Victims of the cholera epidemic in Haiti have given the UN 60 days to stop evading its moral and legal obligations and provide justice and reparations to the thousands affected by the disease it brought to the nation or they will sue.
... seek reparations for injuries resulting from the UN’s negligent omission to adequately screen troops for cholera prior to deployment, and its reckless acts that caused untreated, contaminated human waste to leak into and poison Haiti’s central river, in accordance with the UN’s agreement to pay for its tortious liability.
The claim is seeking
1) compensation for cholera victims ($50,000 for each survivor and $100,000 for each bereaved family), 2) a nationwide response by the UN consisting of medical treatment for victims and clean water and sanitation infrastructure to control the epidemic, and 3) a public apology from the UN.
Their letter this week is in response to a UN statement in February formally rejecting the claims for compensation, stating, "the claims are not receivable pursuant to Section 29 of the Convention on the Privileges and Immunities of the United Nations."
The IJDH says this rejection is baseless, and called the "invocation of Section 29... arbitrary, self-serving and contrary to international principles of due process."
"Notably, Section 29 does not prescribe any type of claim as not receivable," they write.
Their letter says that
The UN is legally obligated to consider and settle claims filed by third parties for injury, illness and death attributable to the UN or its peacekeeping forces.
And notes that
The UN’s obligation to accept and respond to claims of liability for third-party personal injury and death attributable to the organization extends beyond the CPIUN [Convention on the Privileges and Immunities of the United Nations] and SOFA [Status of Forces Agreement]. Your predecessor as UN Legal Counsel stressed that “[a]s a matter of international law, it is clear that the Organization can incur liabilities of a private law nature and is obligated to pay in regard to such liabilities.”
In 1996, the Secretary-General observed that “the United Nations has, since the inception of peacekeeping operations, assumed its liability for damage caused by members of its forces in the performance of their duties.”
Beyond monetary reparations, the cholera victims want the UN to admit its guilt.
Moreover, in addition to reparations in the form of a comprehensive water and sanitation program and just compensation for the victims, Petitioners seek a public acknowledgment and apology from the UN for the thousands of deaths and innumerable amount of suffering it has caused.
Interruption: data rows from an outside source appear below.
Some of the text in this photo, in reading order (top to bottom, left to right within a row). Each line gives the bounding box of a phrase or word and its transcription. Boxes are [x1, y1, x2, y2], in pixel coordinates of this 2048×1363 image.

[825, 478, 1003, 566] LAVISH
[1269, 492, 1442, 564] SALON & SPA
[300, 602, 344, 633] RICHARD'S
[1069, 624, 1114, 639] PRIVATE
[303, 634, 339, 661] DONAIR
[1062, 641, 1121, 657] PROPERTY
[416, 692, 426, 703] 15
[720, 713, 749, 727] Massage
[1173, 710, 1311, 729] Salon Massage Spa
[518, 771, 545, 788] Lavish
The UN made no mention of this request in its response.
IJDH director Brian Concannon said, "We are looking for an urgent and adequate response from the UN. Immunity cannot mean impunity."
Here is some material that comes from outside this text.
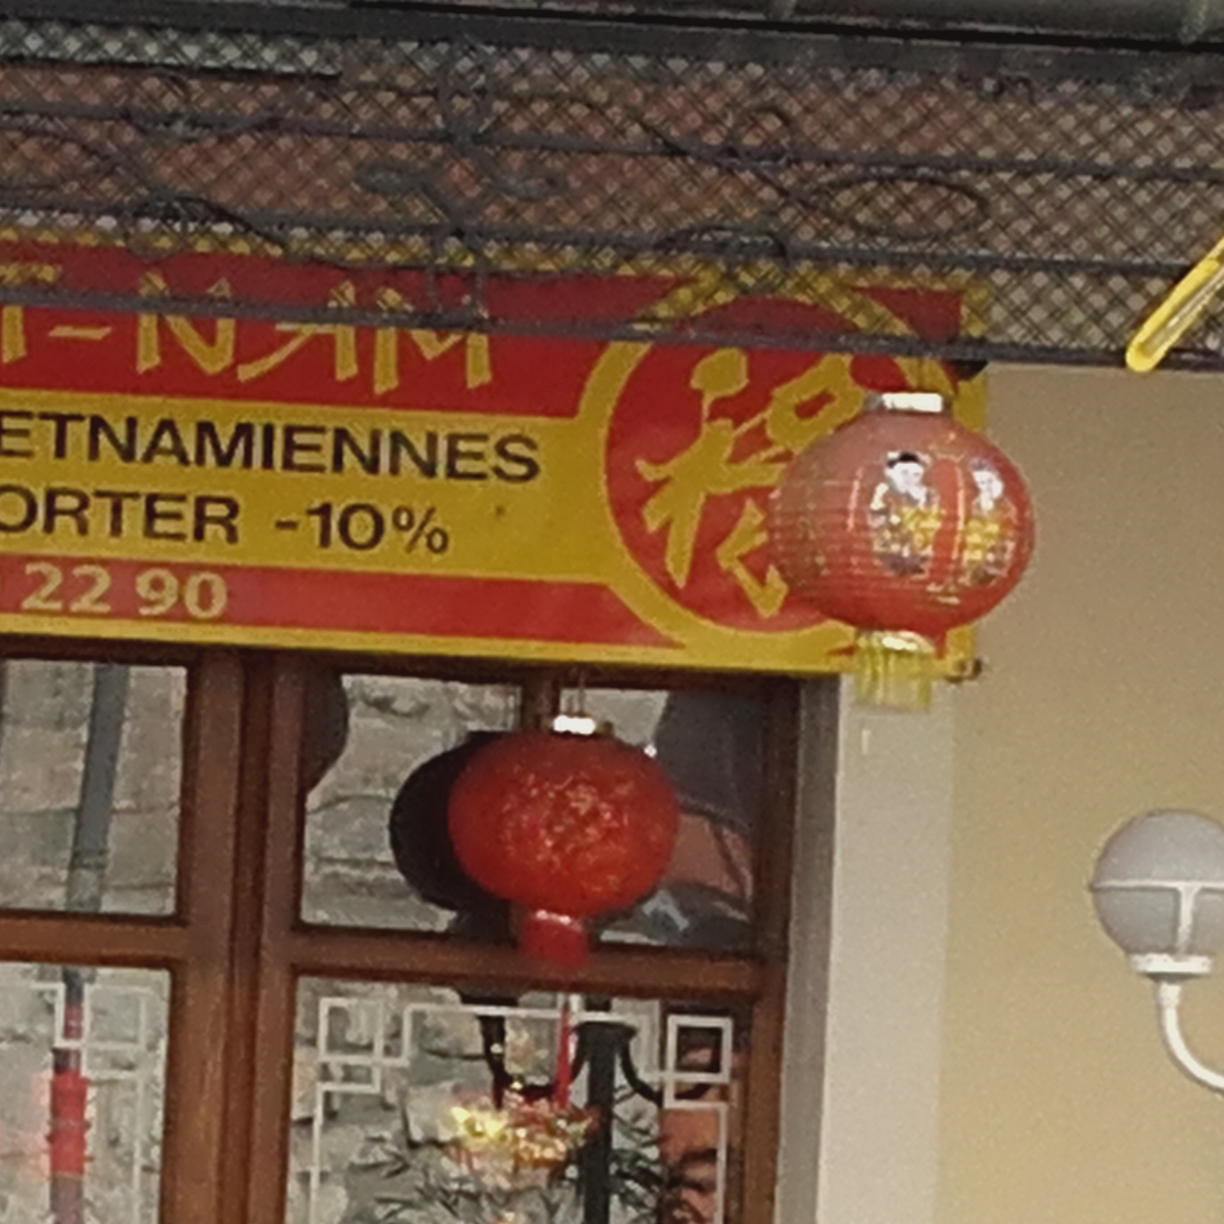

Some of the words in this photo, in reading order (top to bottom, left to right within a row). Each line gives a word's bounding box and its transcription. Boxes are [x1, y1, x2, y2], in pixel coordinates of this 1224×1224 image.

[274, 503, 450, 555] -10%
[22, 565, 114, 614] 22
[136, 569, 228, 619] 90
The cholera epidemic has already killed over 8000 people and sickened over half a million in Haiti since its outbreak in the wake of the catastrophic earthquake of 2010. The group notes that cholera continues to bring death to Haiti, and unless urgent action is taken, "hundreds of thousands of Haitians will continue to fall sick and die over the coming years."
In their "report card on UN implementation of their recommendations for cholera in Haiti" released last week, Boston- and Port-au-Prince-based Physicians for Haiti found that "Three recommendations that would have prevented UN introduction of cholera into Haiti and would prevent similar introduction in the future remain unimplemented. All three recommendations could be implemented at either no or minimal cost to the UN."
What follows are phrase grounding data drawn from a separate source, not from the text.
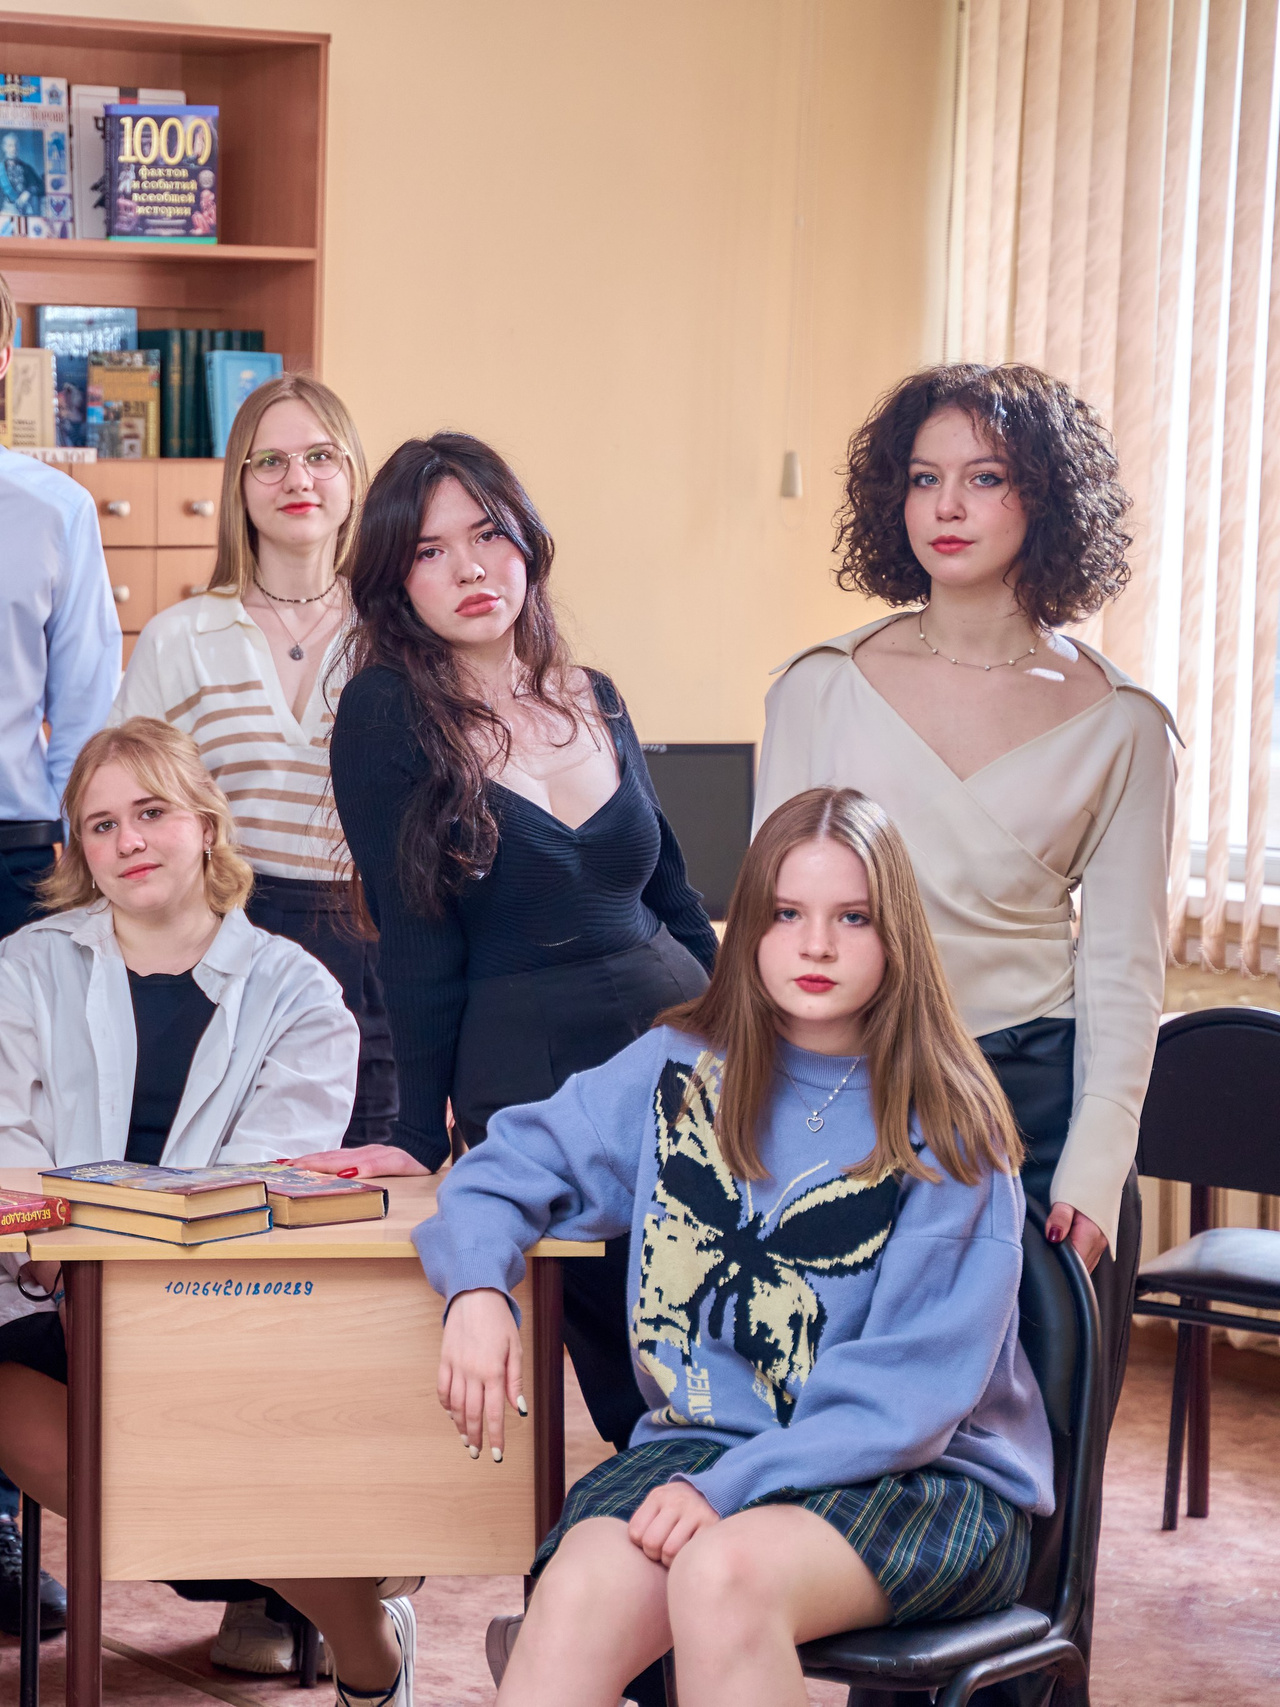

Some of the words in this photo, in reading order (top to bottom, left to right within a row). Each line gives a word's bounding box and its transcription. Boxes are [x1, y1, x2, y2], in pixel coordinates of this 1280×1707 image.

[118, 116, 212, 165] 1000
[138, 165, 188, 180] фактов
[141, 179, 197, 191] событий
[132, 192, 196, 204] всеобщей
[136, 205, 192, 217] истории
[0, 1208, 51, 1226] БЕЛЬФЕДДОР
[165, 1279, 314, 1296] 101264201800289
But cost may have nothing to do with the implementations.
Following the UN rejection of the cholera victims' claims this winter, Center for Economic and Policy Research co-director Mark Weisbrot said that the resources exist "to put an end to cholera in Haiti for less money than they are going to spend in the next year or two on keeping U.N. troops there. But they're in no rush to right the wrongs that they have done."